Literature DB >> 15183898

Polycomb group gene mel-18 modulates the self-renewal activity and cell cycle status of hematopoietic stem cells.

Teruyuki Kajiume1, Yuichi Ninomiya, Hiroto Ishihara, Rieko Kanno, Masamoto Kanno.   

Abstract

OBJECTIVE: Mel-18 is a member of the mammalian Polycomb group (PcG) genes. This family of genes regulates global gene expression in many biologic processes, including hematopoiesis and anterior-posterior axis formation by manipulating specific target genes, including members of the Hox family. Here, we demonstrate that mel-18 negatively regulates the self-renewal activity of hematopoietic stem cells (HSCs).
MATERIALS AND METHODS: Long-term reconstitution activity was evaluated by competitive repopulating unit (CRU) and mean activity of the stem cells (MAS) assays in vivo in bone marrow cells (BMCs) derived from mel-18(-/-) and mel-18 tg mice. The expression levels of mel-18 and Hoxb4 were measured by quantitative real-time reverse transcription polymerase chain reaction.
RESULTS: The Hoxb4 gene was highly expressed in HSCs derived from mel-18(-/-) mice. The observed CRUs were 3.21, 4.77, 3.32, and 1.64 CRU per 10(5) BMCs in mel-18(+/+), mel-18(-/-), C57BL/6, and mel-18 tg, respectively. MAS was 0.58, 0.18, 0.41, and 5.89 in mel-18(+/+), mel-18(-/-), C57BL/6, and mel-18 tg, respectively.
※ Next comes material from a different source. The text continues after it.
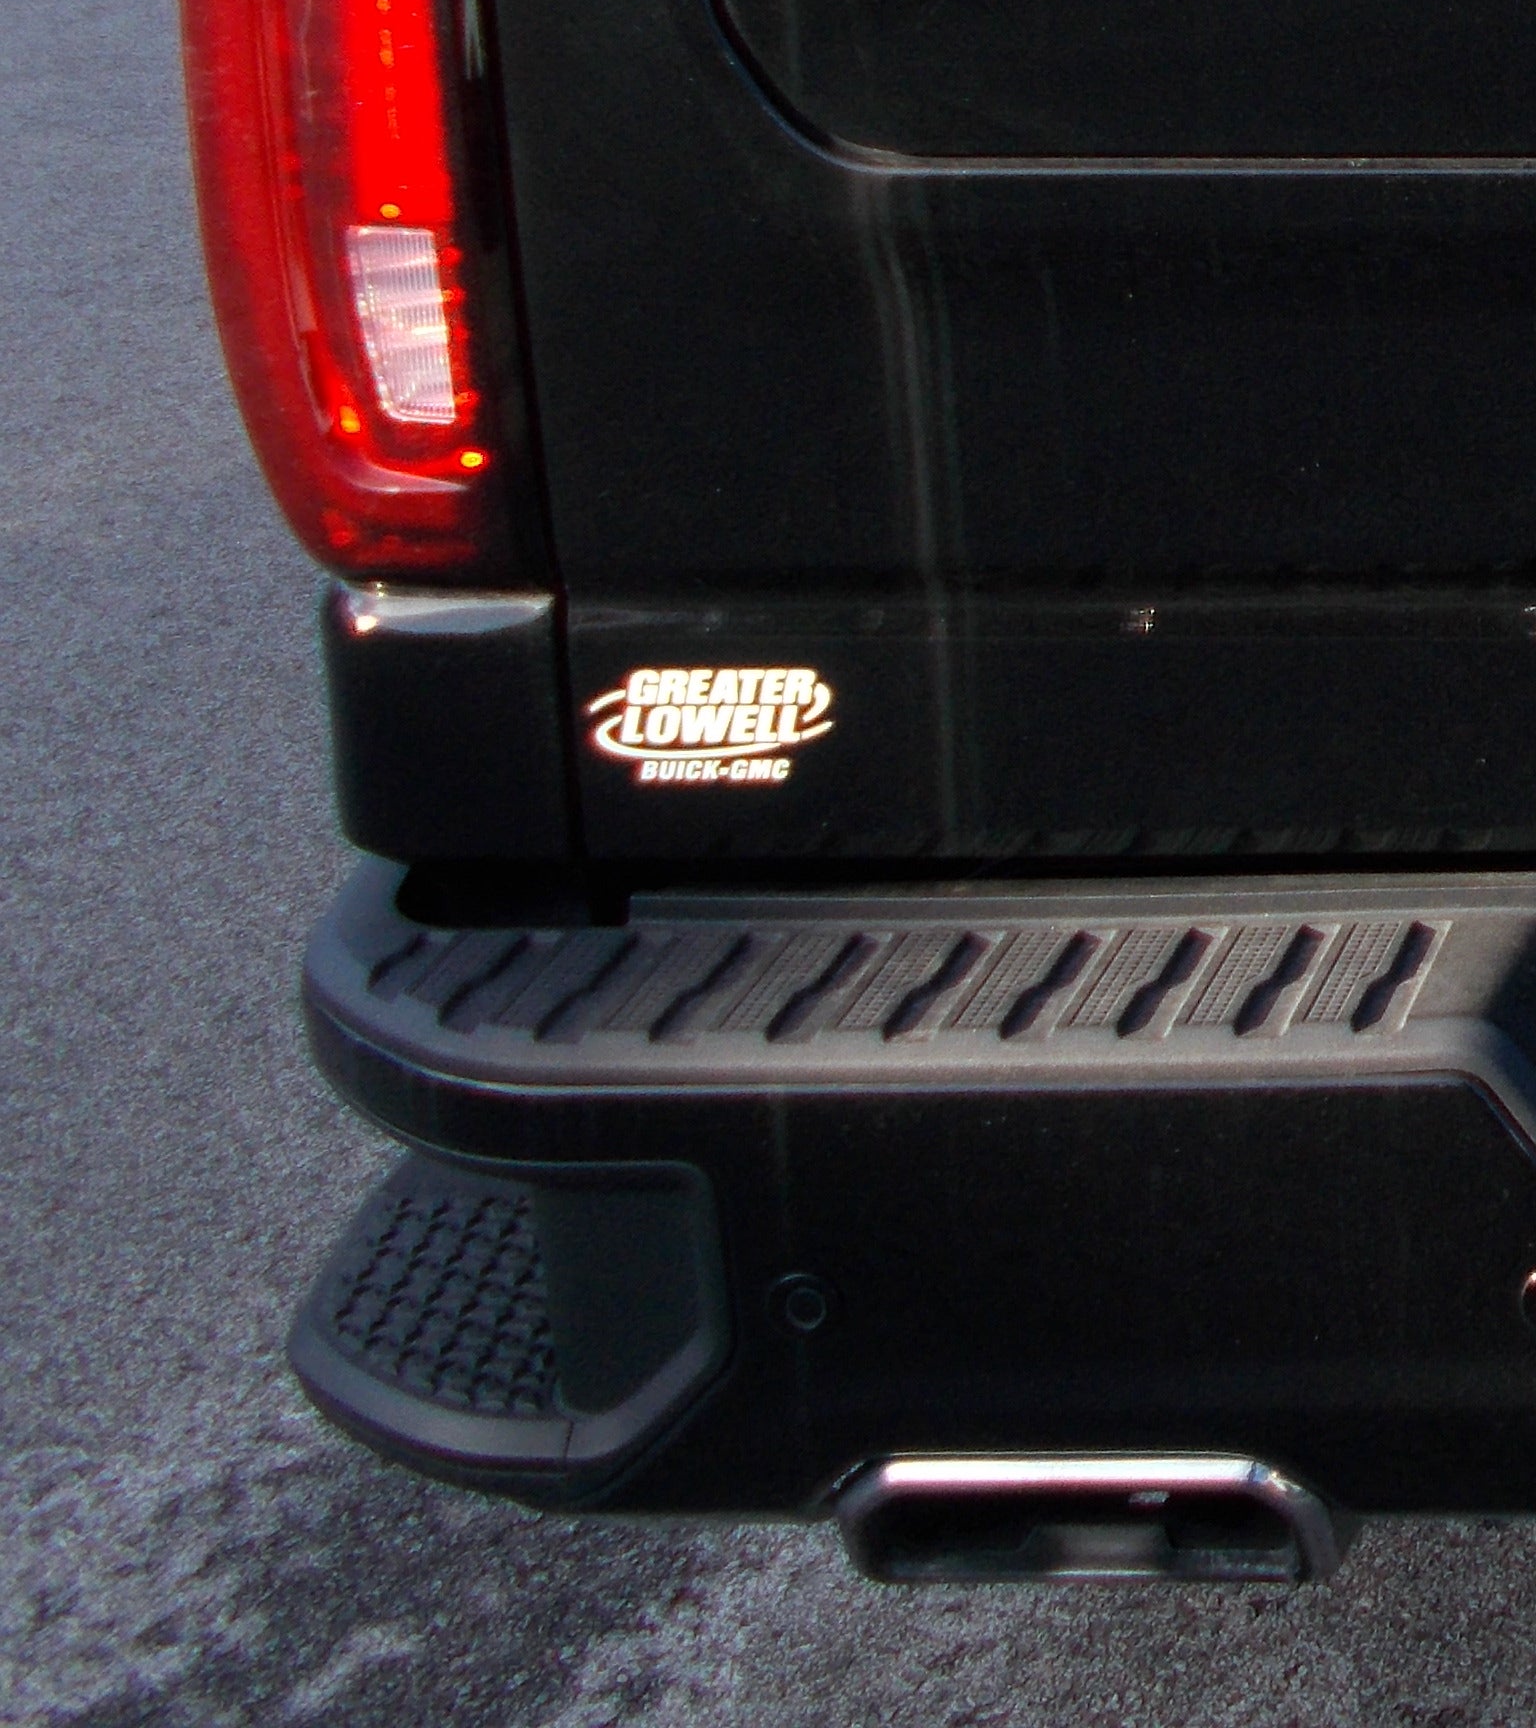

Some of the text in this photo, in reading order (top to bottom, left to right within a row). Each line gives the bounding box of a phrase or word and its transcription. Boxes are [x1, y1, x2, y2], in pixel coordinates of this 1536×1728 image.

[626, 669, 816, 706] GREATER
[620, 705, 802, 745] LOWELL
[640, 759, 792, 781] BUICK-GMC
The percentage in G0 phase HSCs (lin(-)flk2(-)c-Kit(+)Sca1+ cells) was increased in mel-18(-/-) mice and decreased in mel-18 tg mice.
CONCLUSION: Loss or knockdown of mel-18 leads to the expression of Hoxb4, an increase in the proportion of HSCs in G0 phase, and the subsequent promotion of HSC self-renewal. These findings will enable us to develop new approaches for controlling HSC activity for hematopoietic transplantations based on ex vivo expansion of HSCs.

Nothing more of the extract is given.